WORK ITEM - Omit the images. Restate all of the records word for word.

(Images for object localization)
※
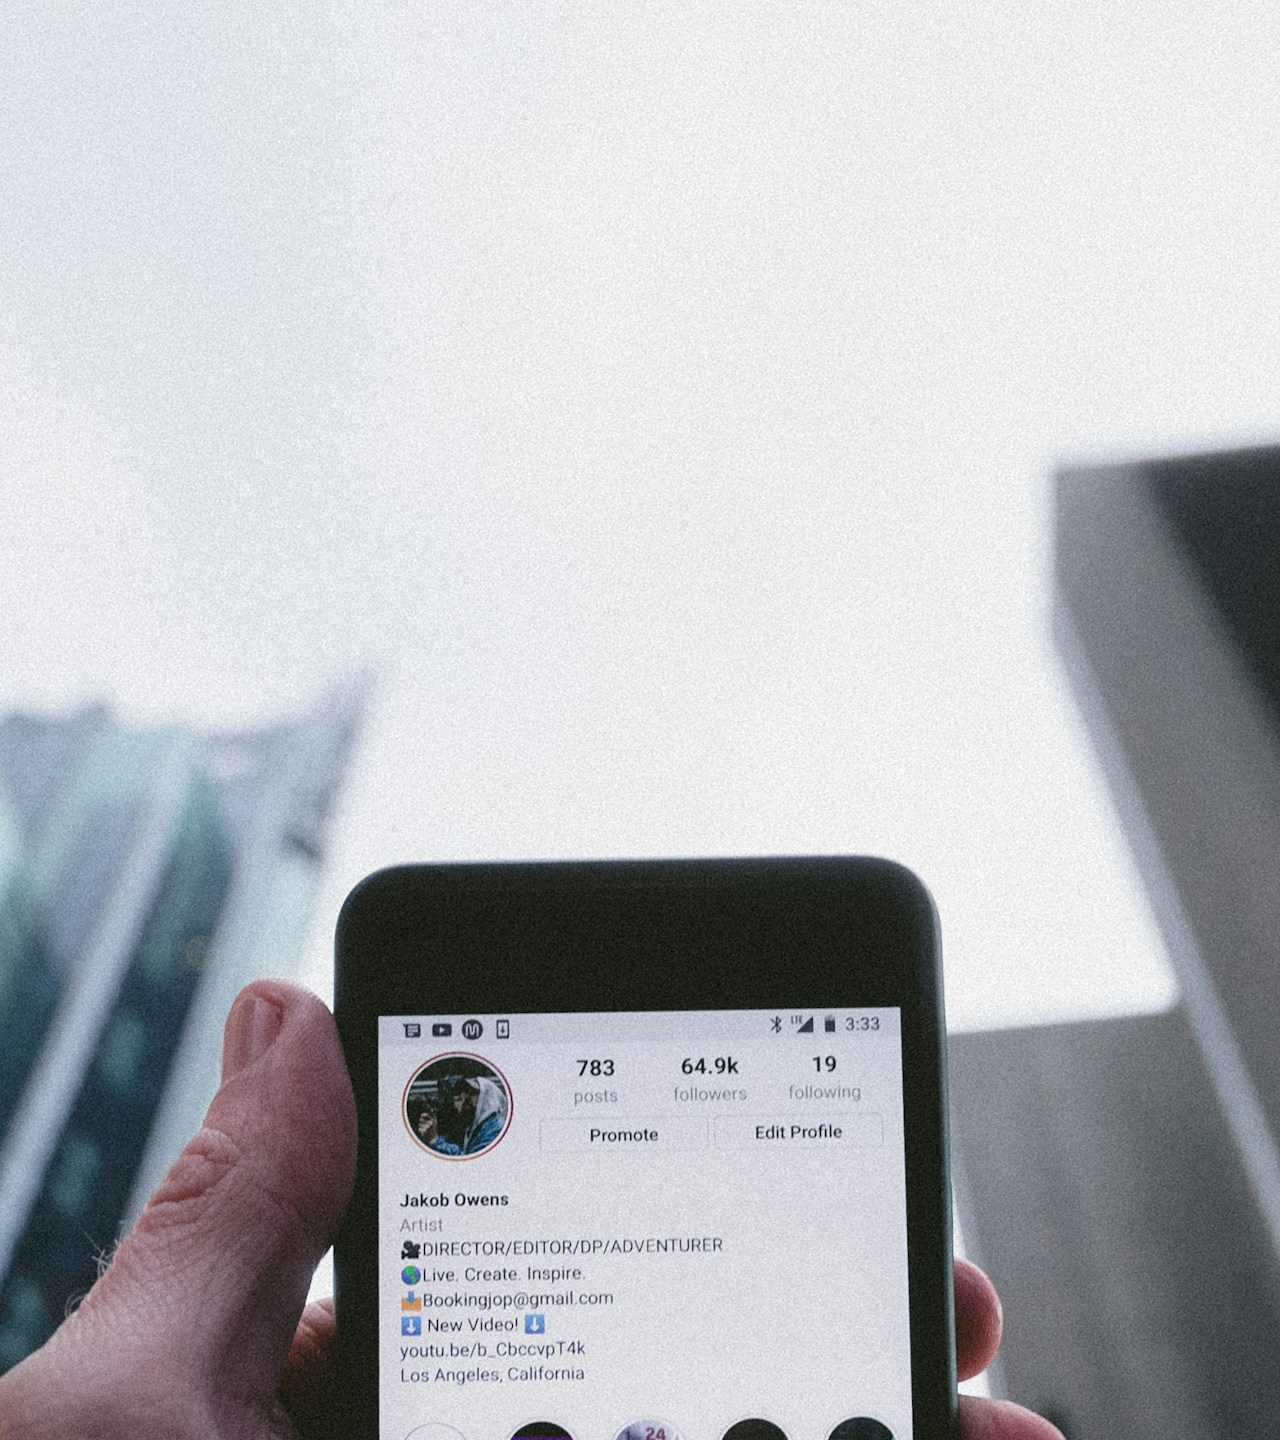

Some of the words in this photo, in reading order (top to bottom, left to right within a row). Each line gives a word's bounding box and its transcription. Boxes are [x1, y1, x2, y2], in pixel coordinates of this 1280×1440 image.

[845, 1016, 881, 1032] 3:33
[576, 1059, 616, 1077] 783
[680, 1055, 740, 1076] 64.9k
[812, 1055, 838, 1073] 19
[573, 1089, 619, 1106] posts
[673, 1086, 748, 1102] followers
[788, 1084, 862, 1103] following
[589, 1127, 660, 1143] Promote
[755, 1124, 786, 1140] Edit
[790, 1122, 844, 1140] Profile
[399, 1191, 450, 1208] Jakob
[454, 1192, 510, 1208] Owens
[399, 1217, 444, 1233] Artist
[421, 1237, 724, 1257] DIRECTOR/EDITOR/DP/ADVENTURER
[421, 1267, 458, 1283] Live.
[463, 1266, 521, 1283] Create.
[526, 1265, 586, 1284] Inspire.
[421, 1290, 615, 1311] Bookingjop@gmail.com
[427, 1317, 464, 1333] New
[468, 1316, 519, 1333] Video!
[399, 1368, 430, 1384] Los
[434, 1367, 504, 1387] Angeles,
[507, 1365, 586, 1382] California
※
EXERCISE OUTPUT -
Some of the words in this photo, in reading order (top to bottom, left to right within a row). Each line gives a word's bounding box and its transcription. Boxes are [x1, y1, x2, y2], in pixel coordinates of this 1280×1440 image.

[845, 1016, 881, 1032] 3:33
[576, 1059, 616, 1077] 783
[680, 1055, 740, 1076] 64.9k
[812, 1055, 838, 1073] 19
[573, 1089, 619, 1106] posts
[673, 1086, 748, 1102] followers
[788, 1084, 862, 1103] following
[589, 1127, 660, 1143] Promote
[755, 1124, 786, 1140] Edit
[790, 1122, 844, 1140] Profile
[399, 1191, 450, 1208] Jakob
[454, 1192, 510, 1208] Owens
[399, 1217, 444, 1233] Artist
[421, 1237, 724, 1257] DIRECTOR/EDITOR/DP/ADVENTURER
[421, 1267, 458, 1283] Live.
[463, 1266, 521, 1283] Create.
[526, 1265, 586, 1284] Inspire.
[421, 1290, 615, 1311] Bookingjop@gmail.com
[427, 1317, 464, 1333] New
[468, 1316, 519, 1333] Video!
[399, 1368, 430, 1384] Los
[434, 1367, 504, 1387] Angeles,
[507, 1365, 586, 1382] California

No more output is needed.